El regreso de Justin Bieber a Coachella no pasó desapercibido. Era uno de los sets más comentados —y esperados— del fin de semana, pero lo que prometía ser un momento icónico terminó convirtiéndose en una experiencia… polarizante.

Porque sí: Bieber llenó el escenario. Convocó masas. Generó gritos, euforia y una avalancha de nostalgia. Pero también dejó preguntas flotando en el aire.

Su propuesta fue inesperadamente sencilla. En un festival donde todo suele ser exceso —luces, visuales, coreografías—, el cantante apostó por un formato casi desnudo. Solo él, el escenario y una selección de temas que se movían entre lo íntimo y lo mid-tempo. Para algunos, fue una jugada artística. Para otros, simplemente… insuficiente.

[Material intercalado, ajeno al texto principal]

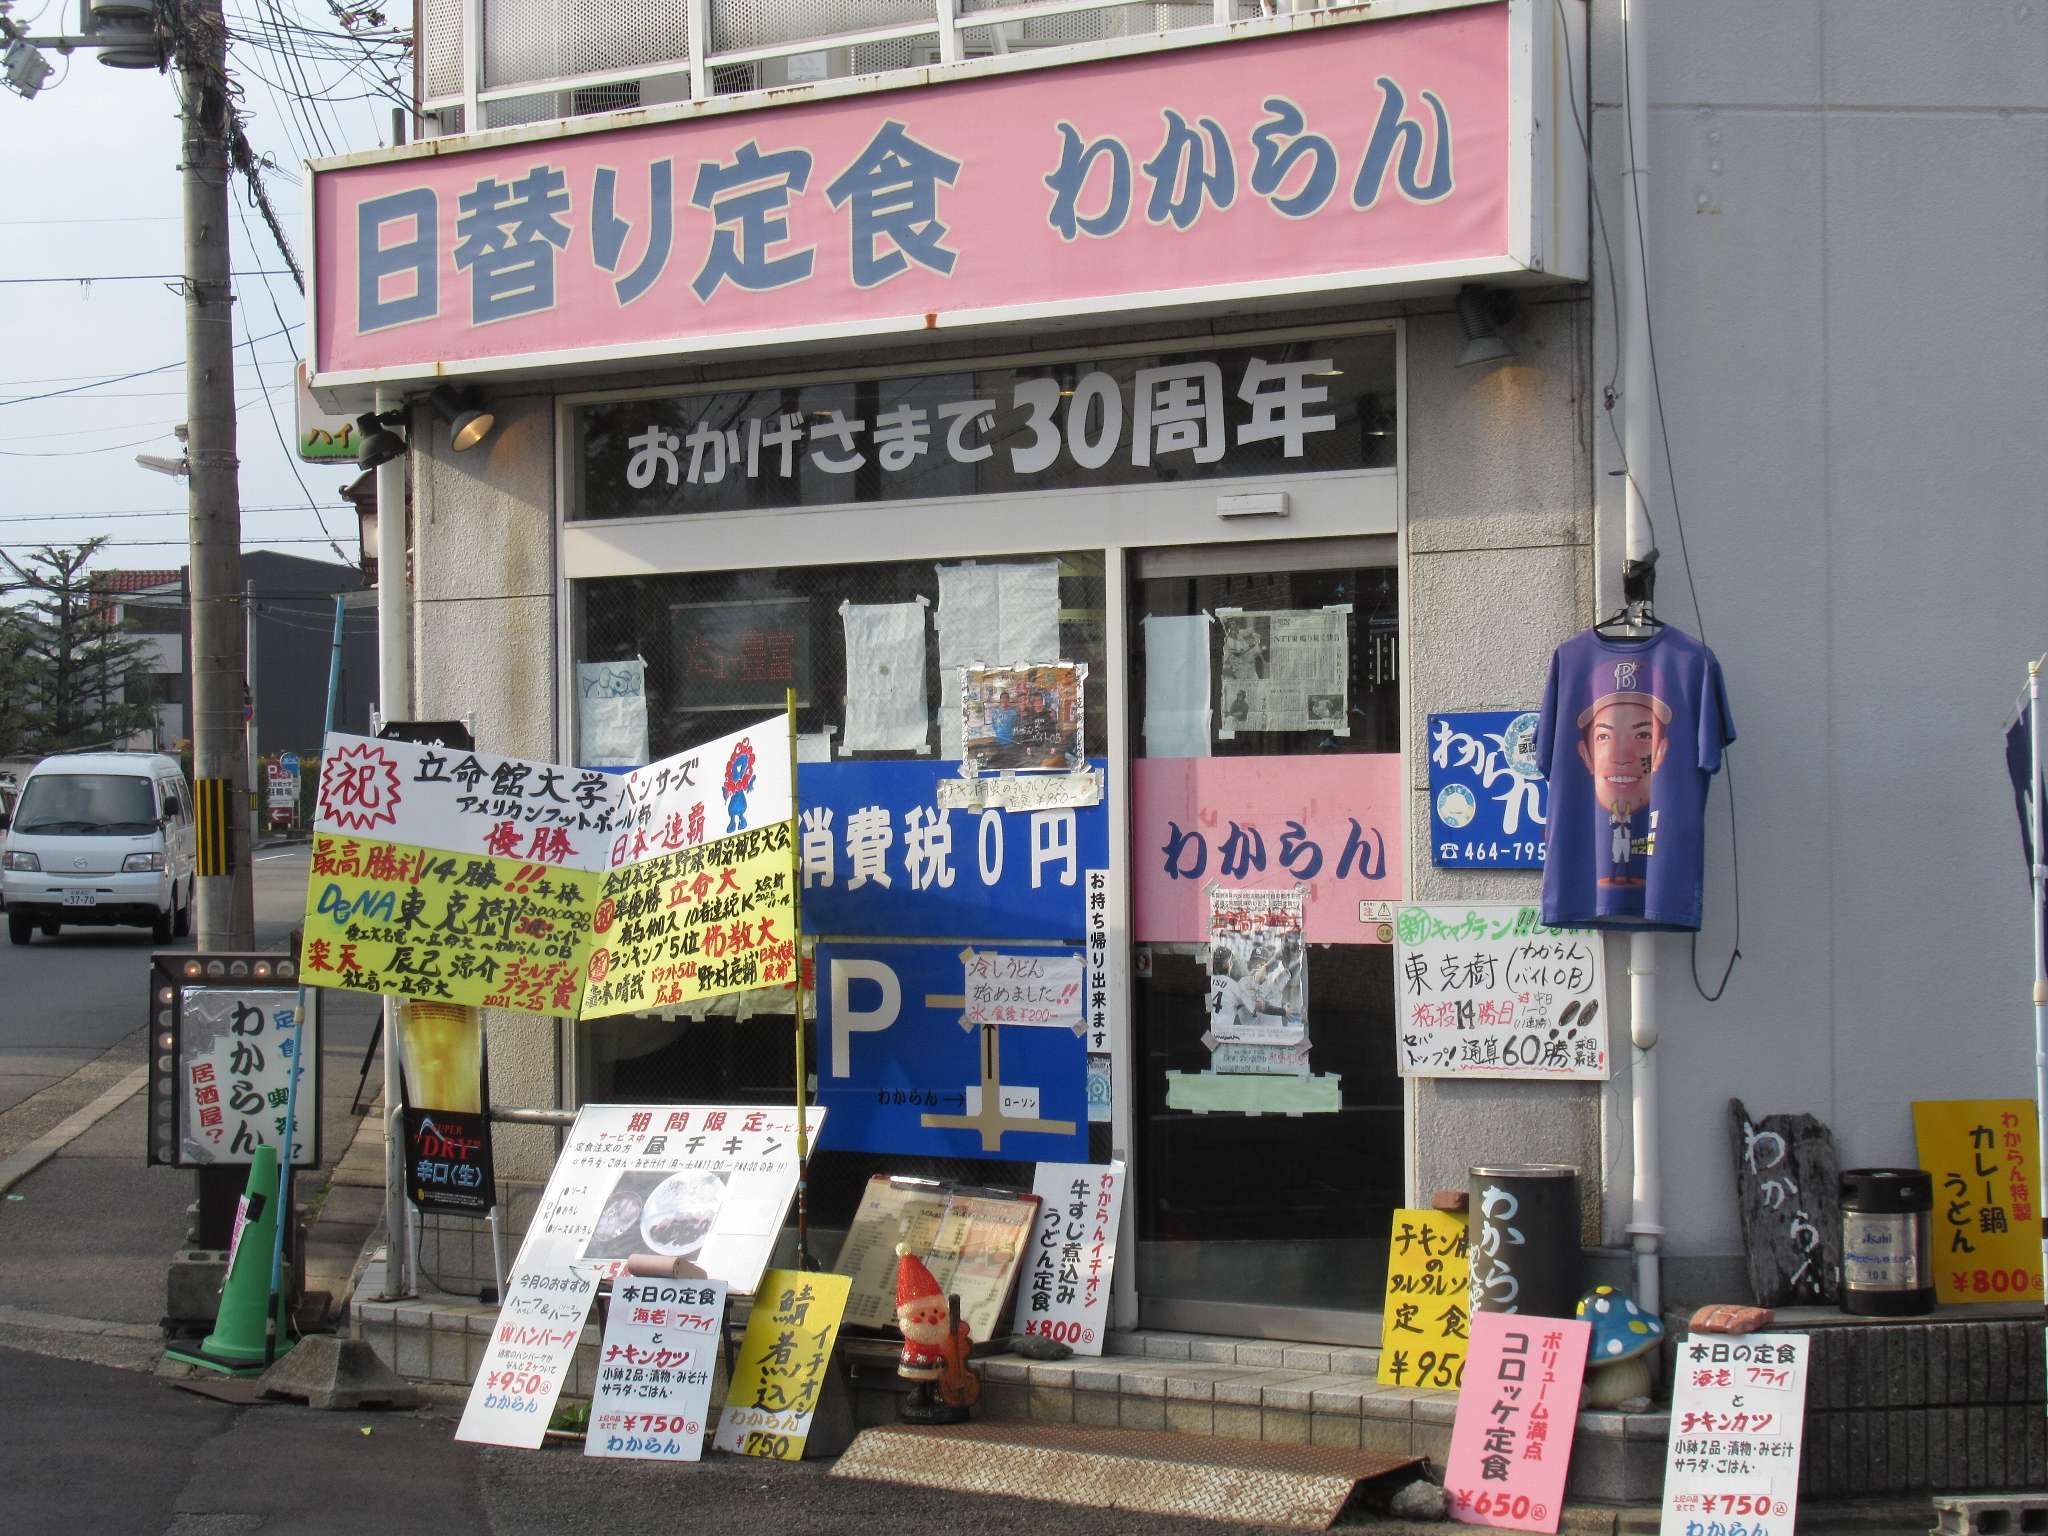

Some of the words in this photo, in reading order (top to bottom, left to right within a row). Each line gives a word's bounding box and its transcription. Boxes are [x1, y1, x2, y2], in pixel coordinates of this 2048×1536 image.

[356, 119, 963, 337] 日替り定食
[1043, 75, 1456, 242] わからん
[626, 357, 1337, 490] おかげさまで30周年
[330, 762, 382, 809] 祝
[413, 751, 608, 810] 立命館大学
[617, 757, 699, 810] パンサーズ
[456, 796, 652, 834] アメリカンフットボール部
[483, 820, 580, 865] 優勝
[1161, 817, 1386, 880] わからん
[666, 867, 741, 909] 立命大
[393, 886, 518, 940] 東克樹
[307, 938, 362, 974] 楽天
[968, 956, 1045, 979] 冷しうどん
[1090, 872, 1107, 1048] お持ち帰り出来ます
[831, 959, 902, 1078] P
[229, 1000, 265, 1155] わからん
[878, 1088, 938, 1107] わからん
[191, 1062, 224, 1144] 居酒屋?
[627, 1112, 768, 1133] 期間限定
[1004, 1097, 1036, 1108] ローソン
[642, 1135, 783, 1155] 昼チキン
[1969, 1125, 2009, 1234] カレー鍋
[2000, 1111, 2032, 1222] わからん特製
[1944, 1173, 1976, 1253] うどん
[1031, 1207, 1061, 1312] うどん定食
[1056, 1178, 1090, 1305] 牛すじ煮込み
[1084, 1173, 1114, 1308] わからんイチオシ
[1480, 1185, 1525, 1314] わから
[520, 1273, 591, 1294] 今月のおすすめ
[1390, 1273, 1469, 1296] タルタルソ
[1426, 1258, 1443, 1273] の
[621, 1285, 717, 1306] 本日の定食
[631, 1306, 667, 1325] 海老
[676, 1312, 716, 1330] フライ
[652, 1331, 663, 1344] と
[1392, 1302, 1469, 1339] 定食
[604, 1343, 690, 1369] チキンカツ
[794, 1323, 832, 1419] イチオシ
[1689, 1343, 1796, 1364] 本日の定食
[1523, 1331, 1563, 1461] ボリューム満点
[1692, 1368, 1732, 1387] 海老
[1747, 1367, 1790, 1387] フライ
[484, 1393, 538, 1413] わからん
[729, 1408, 799, 1432] わからん
[1480, 1331, 1529, 1482] コロッケ定食
[1732, 1394, 1744, 1408] と
[1681, 1411, 1773, 1433] チキンカツ
[607, 1434, 681, 1455] わからん
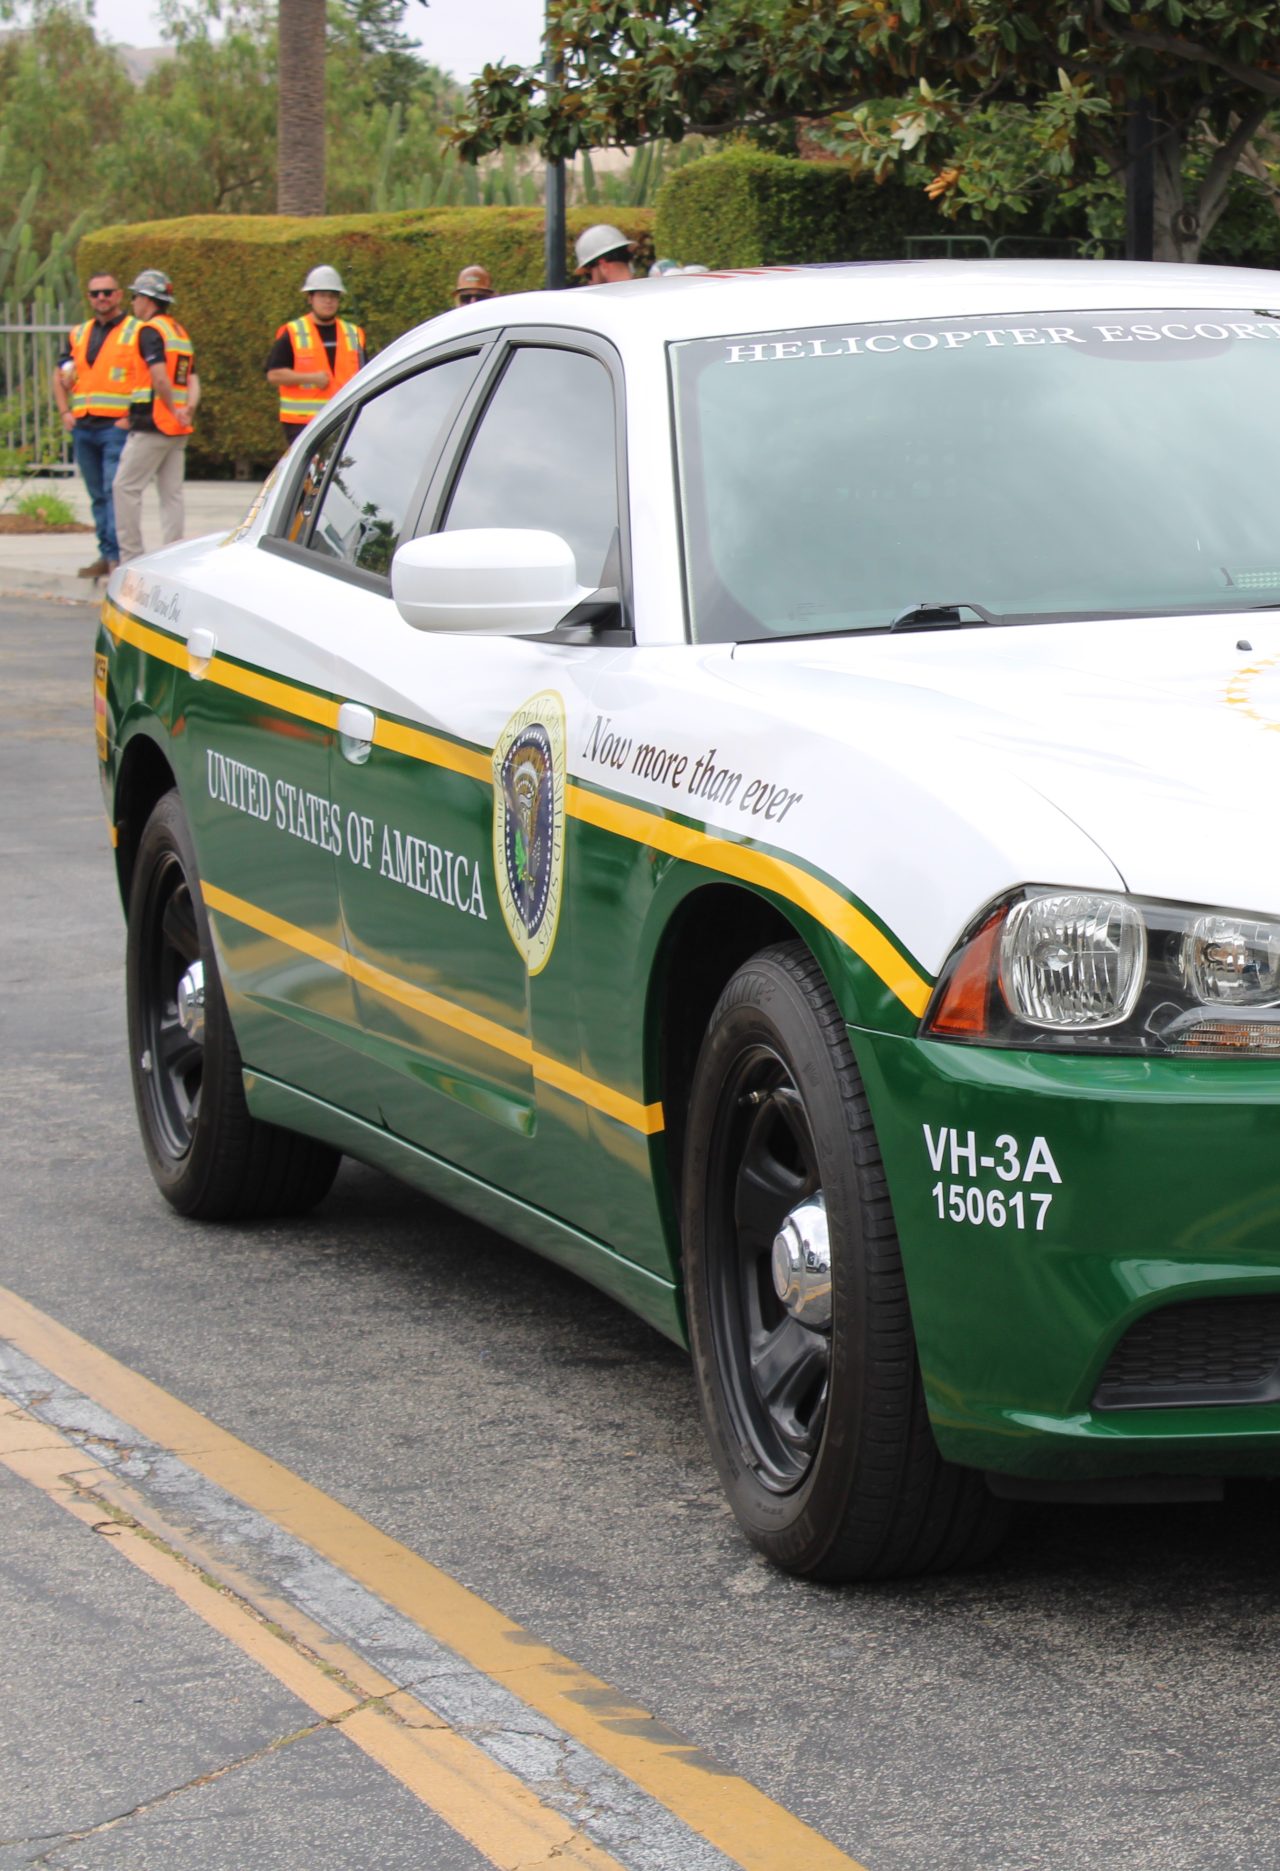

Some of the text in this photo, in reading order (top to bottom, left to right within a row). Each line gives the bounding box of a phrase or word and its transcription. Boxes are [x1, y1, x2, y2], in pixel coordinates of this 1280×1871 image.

[725, 328, 1086, 363] HELICOPTER
[582, 715, 804, 823] Now more than ever
[206, 750, 488, 920] UNITED STATES OF AMERICA
[922, 1123, 1063, 1184] VH-3A
[932, 1181, 1053, 1231] 150617
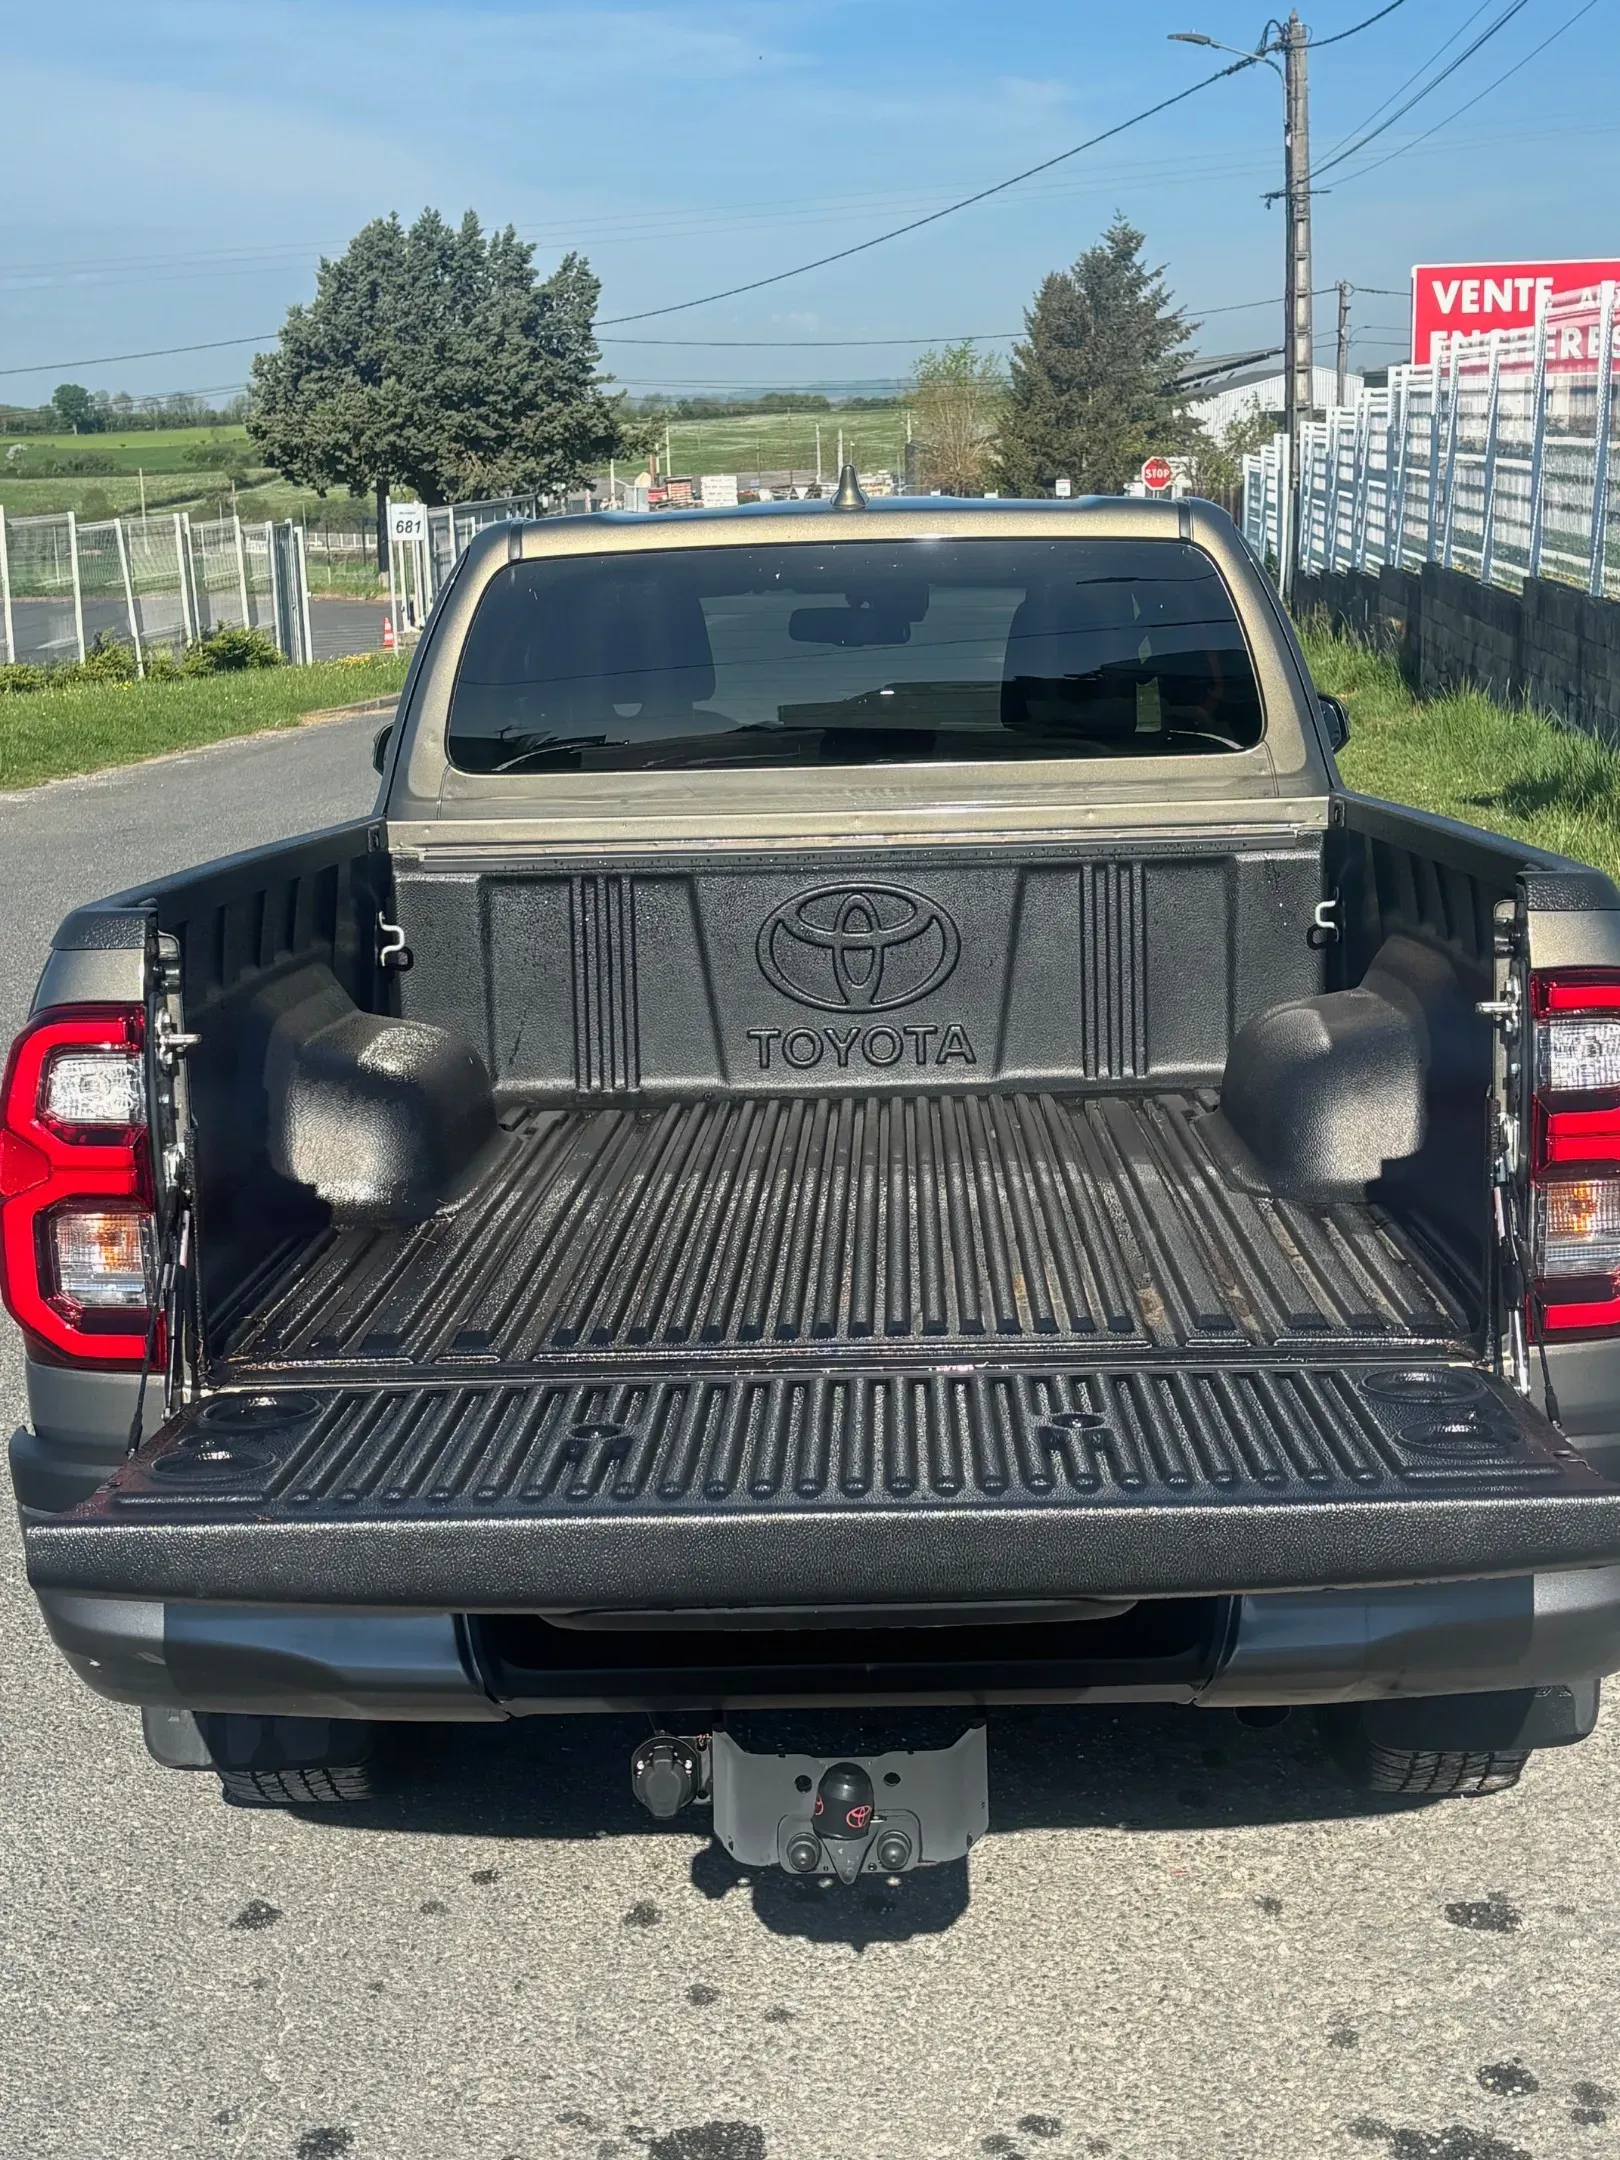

El momento más alto llegó con The Kid Laroi interpretando “Stay”. Ahí, por fin, el show se sintió alineado con la magnitud de Coachella. Energía, conexión, hits. Todo lo que el público esperaba. Pero ese impulso no duró demasiado.

Luego vino una sección acústica que dividió completamente a la audiencia: mientras unos la vivían como un momento íntimo y auténtico, otros comenzaban a abandonar el set. Literalmente.

Y cuando parecía que el show no podía volverse más errática, Bieber apostó por la nostalgia… pero a su manera. Videos antiguos, clips virales, recuerdos de su era más teen mientras sonaban fragmentos de “Baby”. Un guiño a sus inicios que, lejos de emocionar a todos, desconcertó a más de uno.

Sin embargo, el cierre cambió el mood. Invitados como Tems, Wizkid, Dijon y Mk.gee le dieron al show ese aire global, fresco y colaborativo que sí conecta con el ADN actual de los festivales. Y con fuegos artificiales de fondo, Bieber cerró fuerte… quizás demasiado tarde.

Entonces, ¿qué pasó realmente?

La respuesta está en el contraste.
Para los fans, fue un show emocional, cercano, casi vulnerable.
Para los críticos, una oportunidad desperdiciada en uno de los escenarios más importantes del mundo.

Bieber no fracasó, pero tampoco dominó. Se quedó en ese punto incómodo donde el hype supera a la ejecución.

Y tal vez ahí está lo interesante: en una industria obsesionada con la perfección, Justin decidió mostrarse imperfecto. El problema es que Coachella no siempre perdona eso.